Die „Selbsthilfegruppe für psychisch und angstgestörte Menschen“ trifft sich im Evangelischen Gemeindehaus an der Hönnetalstraße in Balve. 
Die „Selbsthilfegruppe für psychisch und angstgestörte Menschen“ trifft sich im Evangelischen Gemeindehaus an der Hönnetalstraße in Balve.  © WP Balve | Corinna Schutzeichel

Irgendwann sagt ihre Psychologin zu ihr: „Wenn Sie nicht kürzer treten, leben Sie nicht mehr lange.“ Angelika beherzigt den Rat, legt seither auch mal Ruhepausen ein: „Aber dabei habe ich bis heute ein schlechtes Gewissen.“  

Telefonseelsorge

Wenn Sie selbst unter Stimmungsschwankungen, Depressionen oder Suizidgedanken leiden oder jemanden kennen, der daran leidet, können Sie sich bei der Telefonseelsorge helfen lassen. Sie erreichen sie unter 0800 1110-111 und unter 0800 1110-222 oder im Internet unter telefonseelsorge.de

„Sport und Bewegung haben mich gerettet. Ich muss mich dann aufraffen, ich zwinge mich dann dazu, aber damit kann ich mich abreagieren.“

Angelika

Im Laufe der Jahrzehnte hat Angelika einen Weg gefunden, mit allem, was sie erlebt hat, umzugehen: „Sport und Bewegung haben mich gerettet. Ich muss mich dann aufraffen, ich zwinge mich dann dazu, aber damit kann ich mich abreagieren.“ Oder sie geht an die frische Luft – auch bei Wind und Wetter und Eiseskälte.

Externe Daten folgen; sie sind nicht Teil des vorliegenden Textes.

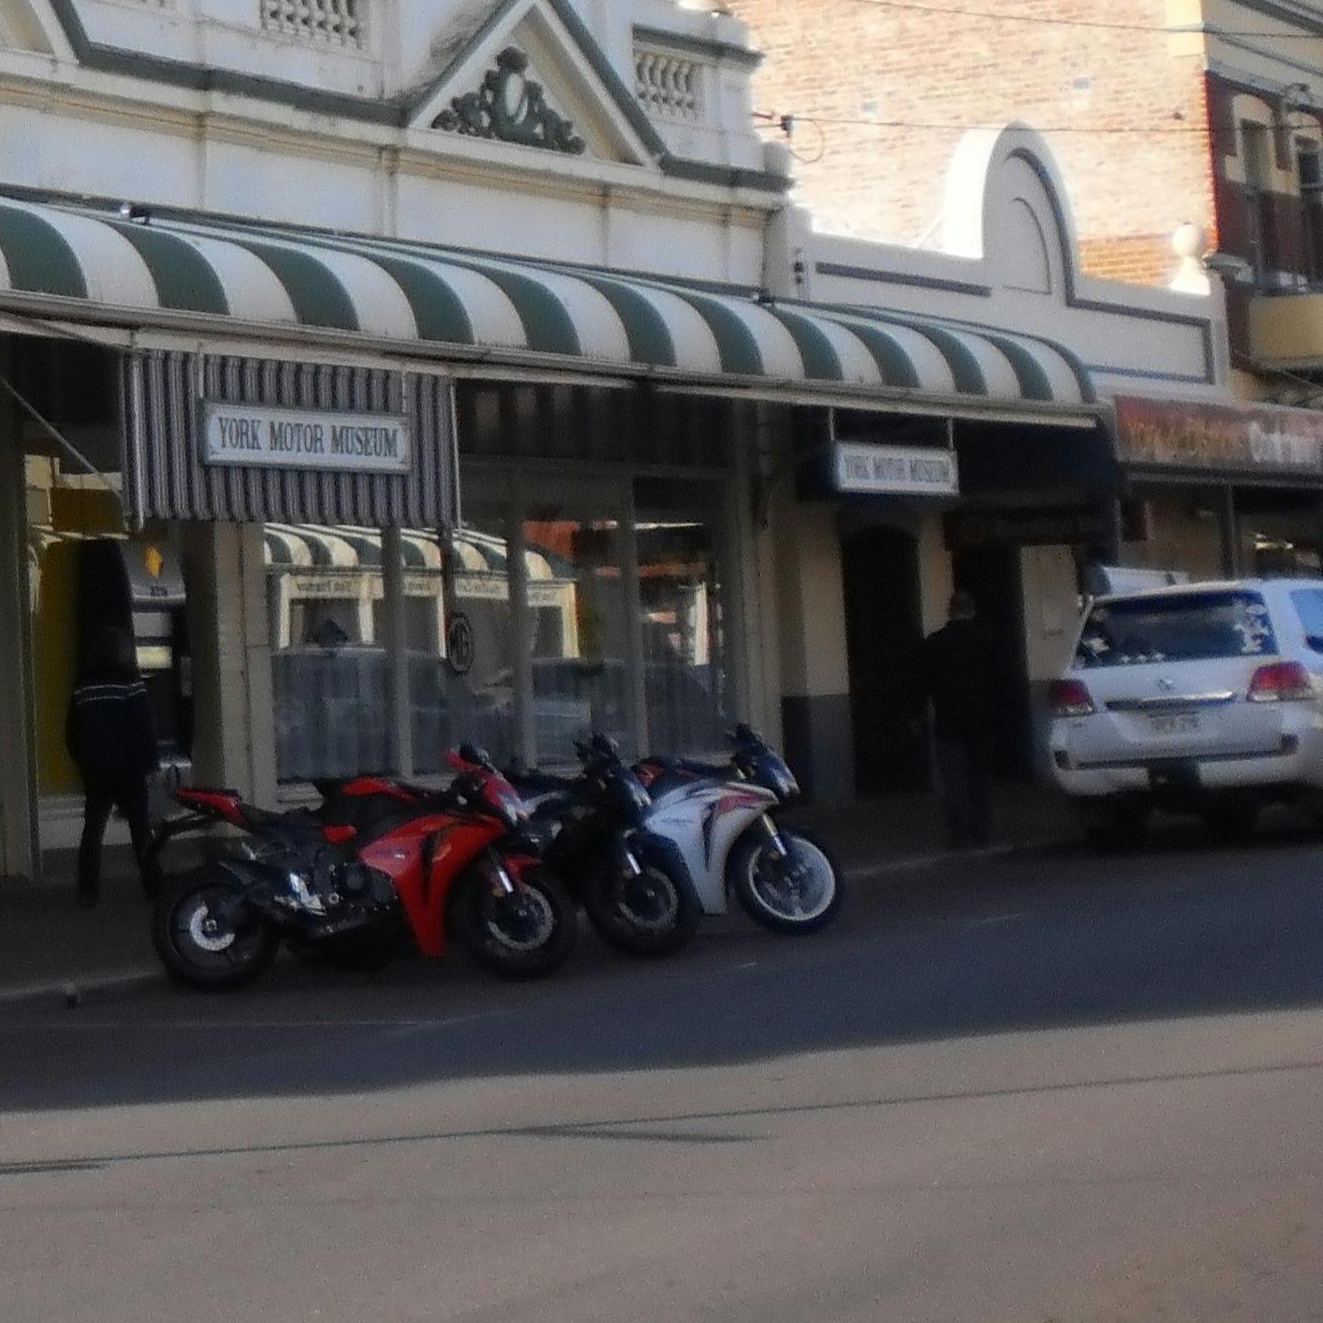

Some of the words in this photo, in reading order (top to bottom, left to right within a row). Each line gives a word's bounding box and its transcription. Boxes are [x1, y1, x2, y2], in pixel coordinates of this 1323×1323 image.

[218, 416, 262, 450] YORK
[269, 421, 324, 454] MOTOR
[331, 425, 398, 458] MUSEUM

„Schon das Aufstehen war ein Kraftakt.“

Ulla

Ulla

Irgendwann konnte sie nicht mehr. Seit vielen Jahren arbeitete die Balverin gemeinsam mit ihrem Mann im eigenen Betrieb. „Selbst und ständig“, erinnert sich die 64-Jährige. Irgendwann zog sich Ulla immer mehr zurück, zog sich am liebsten die Decke über den Kopf, wollte niemanden sehen. Sobald jemand sie ansprach, reagierte sie ängstlich. „Schon das Aufstehen war ein Kraftakt.“

Ihre Familie brachte sie schließlich zum Arzt, es folgte ein mehrwöchiger Klinikaufenthalt. Allmählich ging es Ulla wieder etwas besser, „aber ab da war ich nicht mehr so belastbar“, blickt die Balverin zurück. Im Alltag versuchte sie, weiterhin zu funktionieren – beruflich und privat. „Ich hatte immer ein schlechtes Gewissen, wenn ich nicht mehr konnte und mich zurückziehen wollte.“ Der Weg zur Selbstfürsorge war lang.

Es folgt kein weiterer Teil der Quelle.